§ Information given
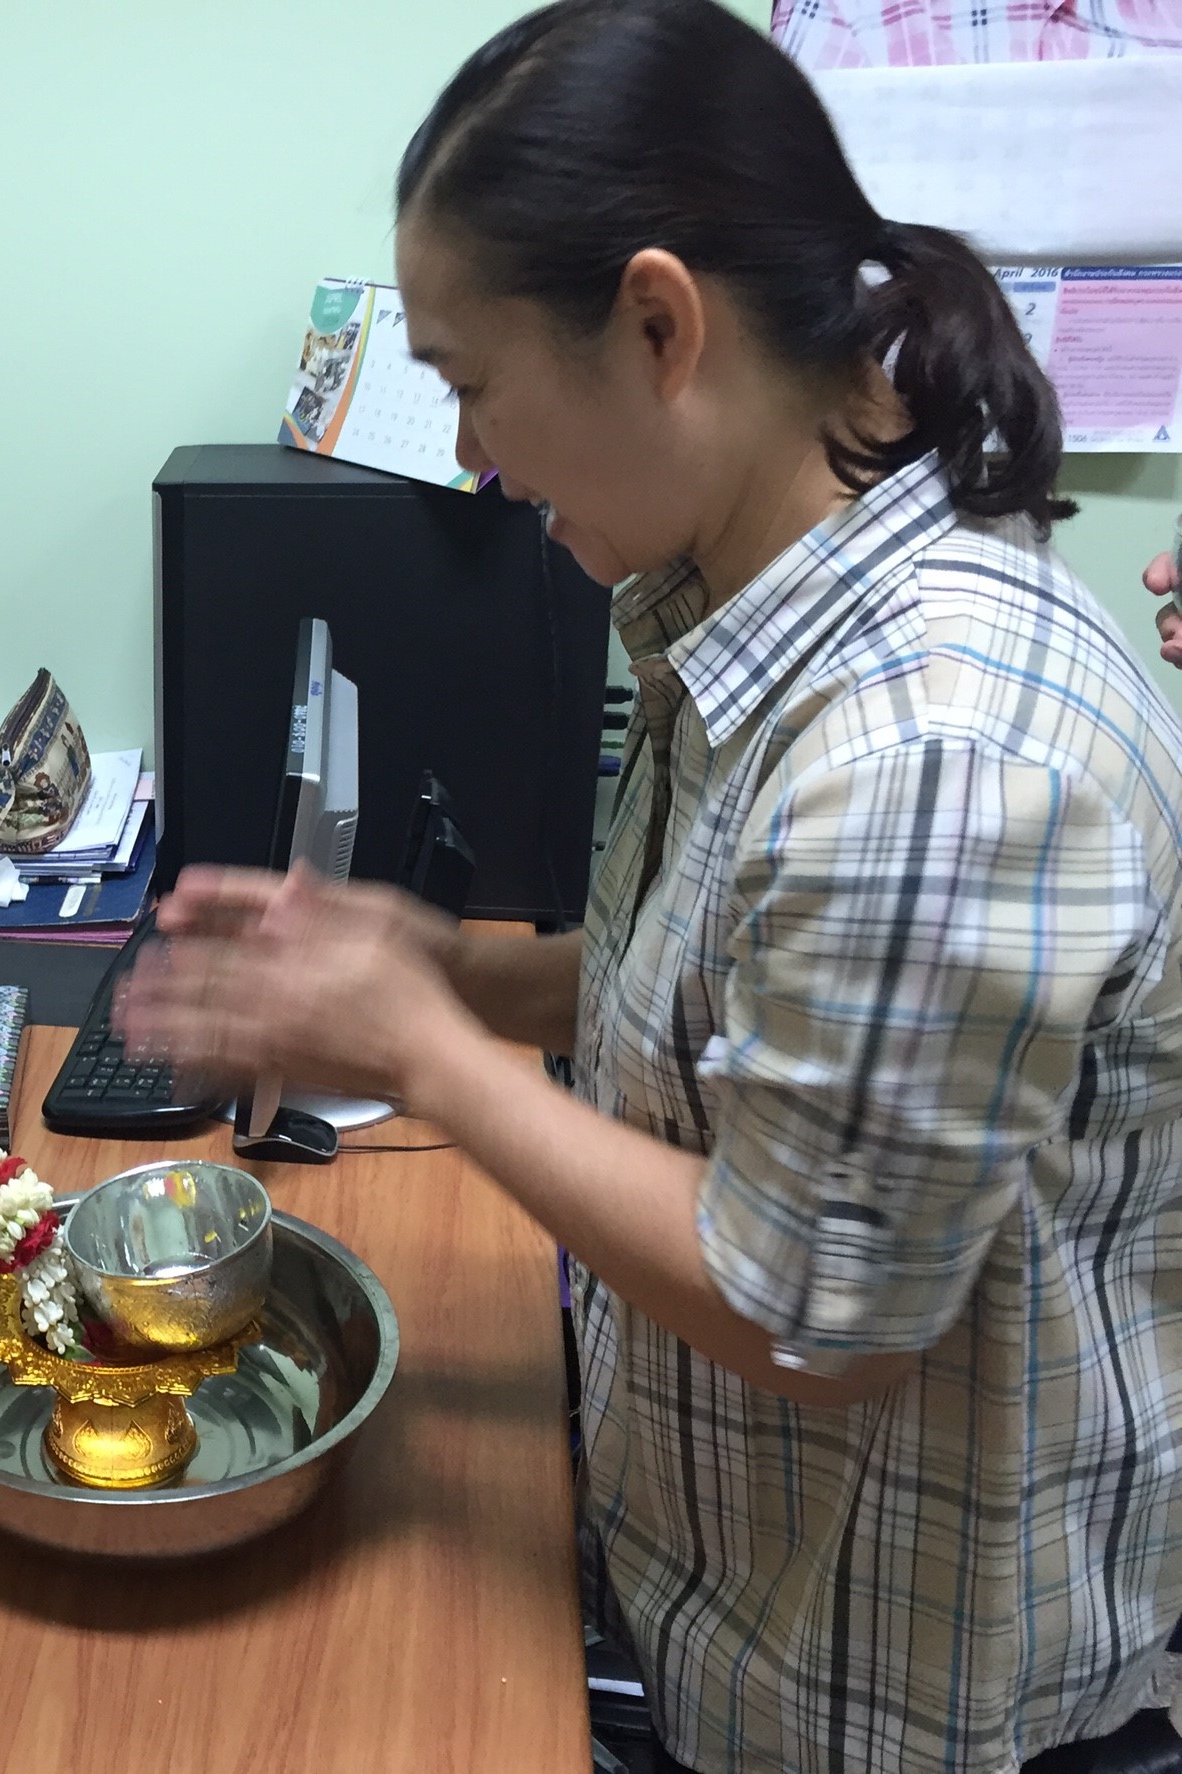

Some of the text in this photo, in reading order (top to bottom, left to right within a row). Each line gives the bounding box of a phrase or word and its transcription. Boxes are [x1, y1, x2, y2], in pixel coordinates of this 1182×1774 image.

[993, 267, 1024, 280] April
[1030, 267, 1059, 278] 2016
[1025, 302, 1037, 316] 2
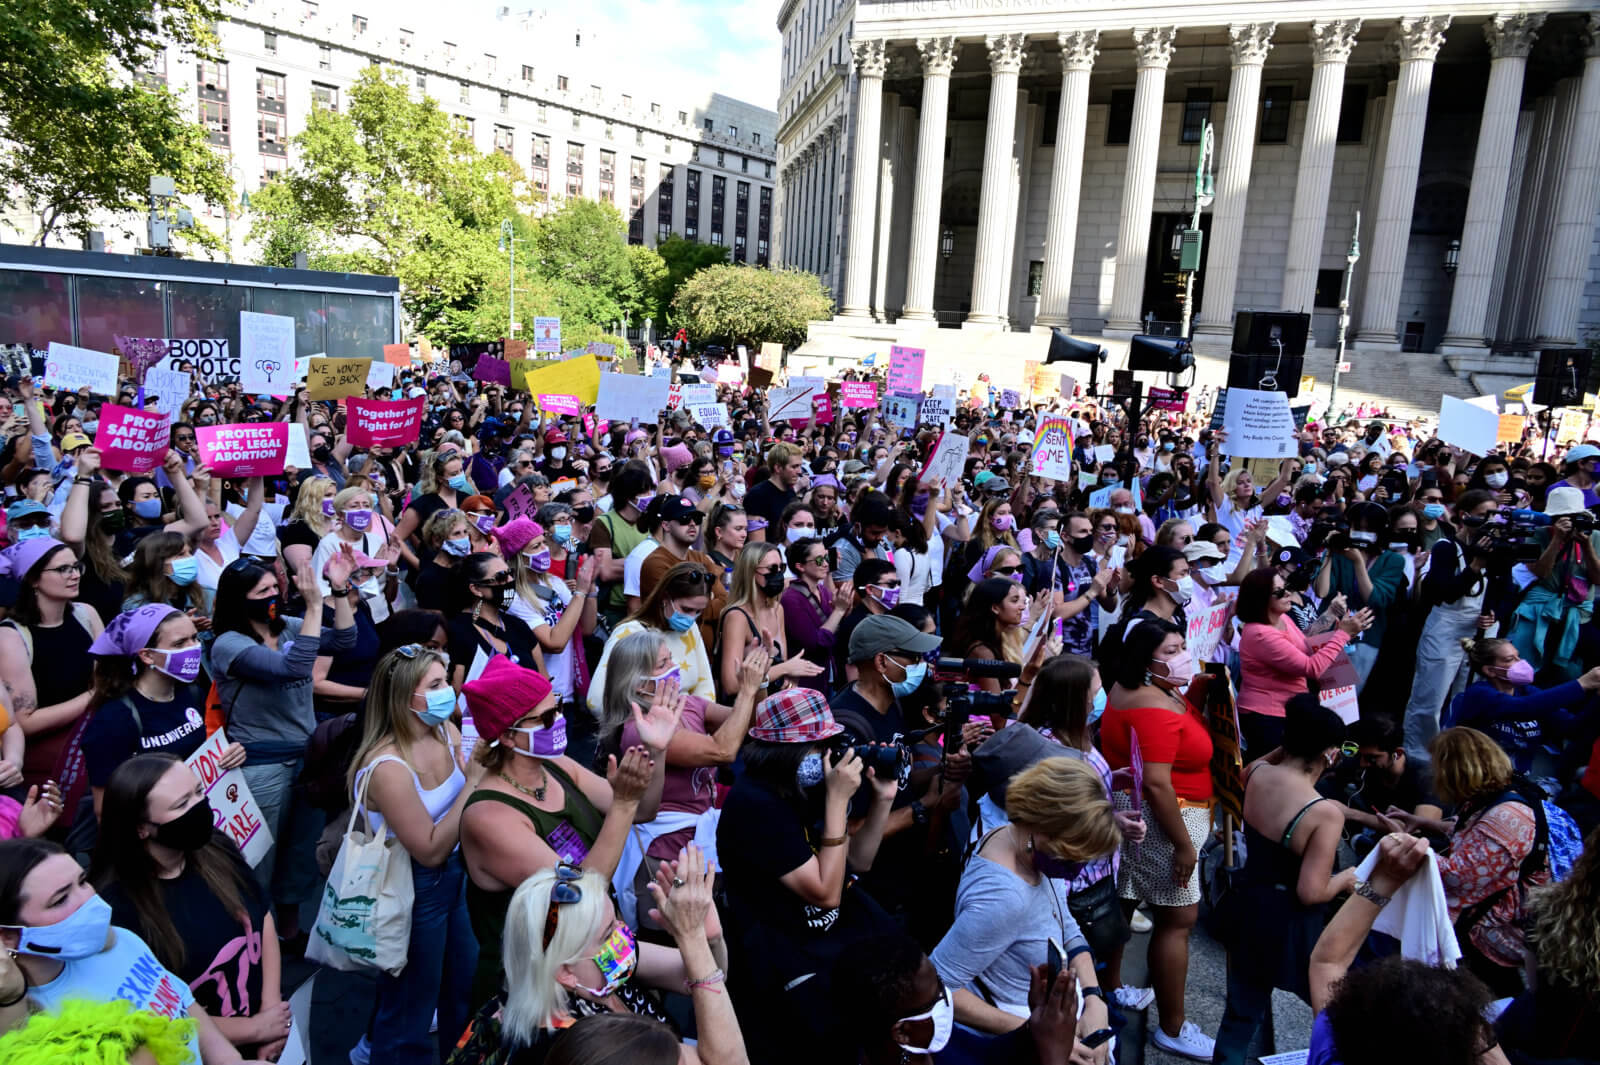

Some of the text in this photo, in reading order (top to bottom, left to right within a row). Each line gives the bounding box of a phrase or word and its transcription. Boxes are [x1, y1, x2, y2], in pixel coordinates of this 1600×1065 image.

[169, 340, 227, 358] BODY
[170, 359, 241, 376] CHOIC
[312, 363, 363, 375] WE WON'T
[323, 374, 361, 386] GO BACK
[925, 399, 942, 408] KEEP
[356, 406, 405, 420] Together
[698, 408, 721, 417] EQUAL
[921, 408, 950, 416] ABORTION
[926, 415, 940, 423] SAFE
[122, 413, 170, 431] PROTE
[358, 417, 415, 432] Fight for All
[1042, 415, 1073, 438] RUTH
[106, 423, 150, 442] SAFE,
[216, 428, 273, 440] PROTECT
[207, 439, 282, 452] SAFE, LEGAL
[1046, 433, 1065, 447] SENT
[214, 449, 277, 463] ABORTION
[1046, 448, 1065, 464] ME
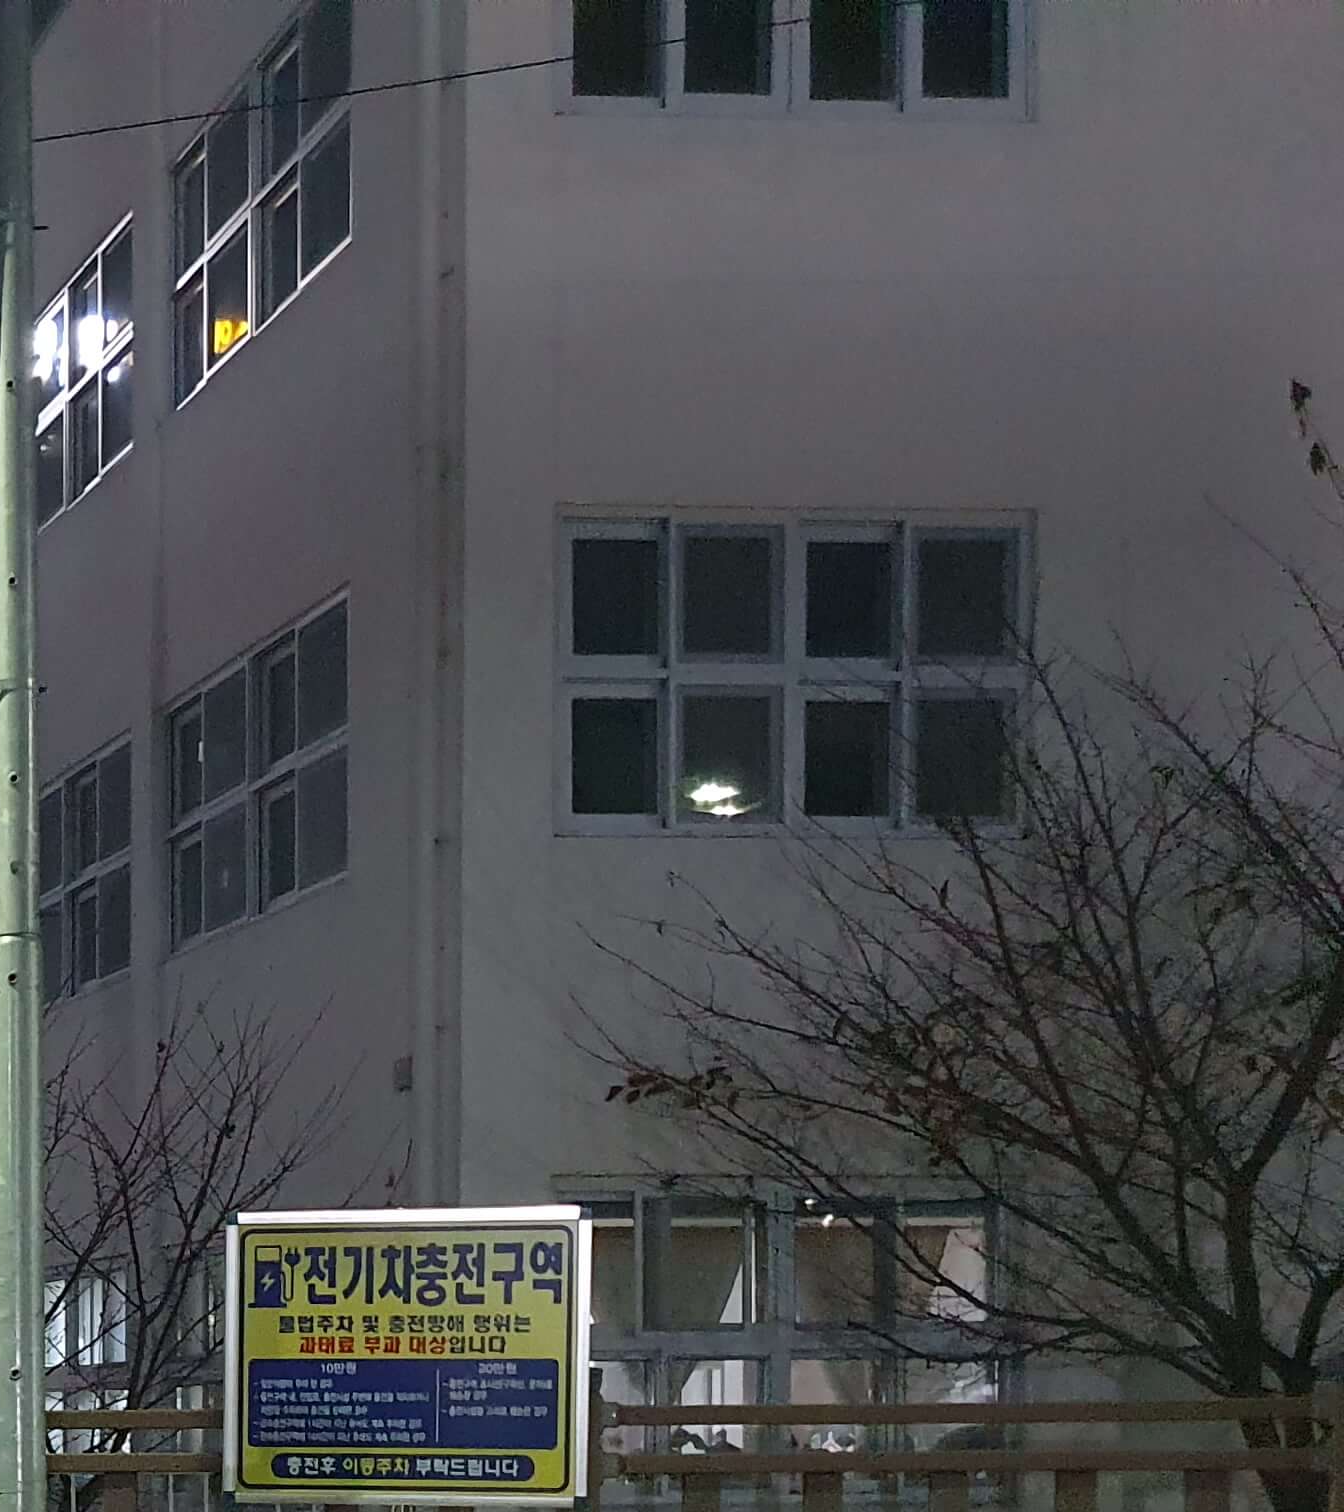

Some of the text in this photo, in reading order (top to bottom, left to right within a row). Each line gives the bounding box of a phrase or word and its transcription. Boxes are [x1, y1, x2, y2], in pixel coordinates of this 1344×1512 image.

[304, 1241, 564, 1307] 전기차충전구역
[362, 1315, 379, 1333] 및
[389, 1315, 466, 1334] 충전방해
[473, 1315, 532, 1334] 행위는
[299, 1336, 507, 1355] 과태료 부과 대상입니다
[320, 1362, 357, 1376] 10만원
[287, 1456, 337, 1476] 충전후
[342, 1457, 410, 1477] 이동주차

§ Task to carry out
Every line from the one that contains "this 1344×1512 image." down to and including the last line of the records above must be set down exactly, with nothing else.

§ Answer for the task
Some of the text in this photo, in reading order (top to bottom, left to right within a row). Each line gives the bounding box of a phrase or word and its transcription. Boxes are [x1, y1, x2, y2], in pixel coordinates of this 1344×1512 image.

[304, 1241, 564, 1307] 전기차충전구역
[362, 1315, 379, 1333] 및
[389, 1315, 466, 1334] 충전방해
[473, 1315, 532, 1334] 행위는
[299, 1336, 507, 1355] 과태료 부과 대상입니다
[320, 1362, 357, 1376] 10만원
[287, 1456, 337, 1476] 충전후
[342, 1457, 410, 1477] 이동주차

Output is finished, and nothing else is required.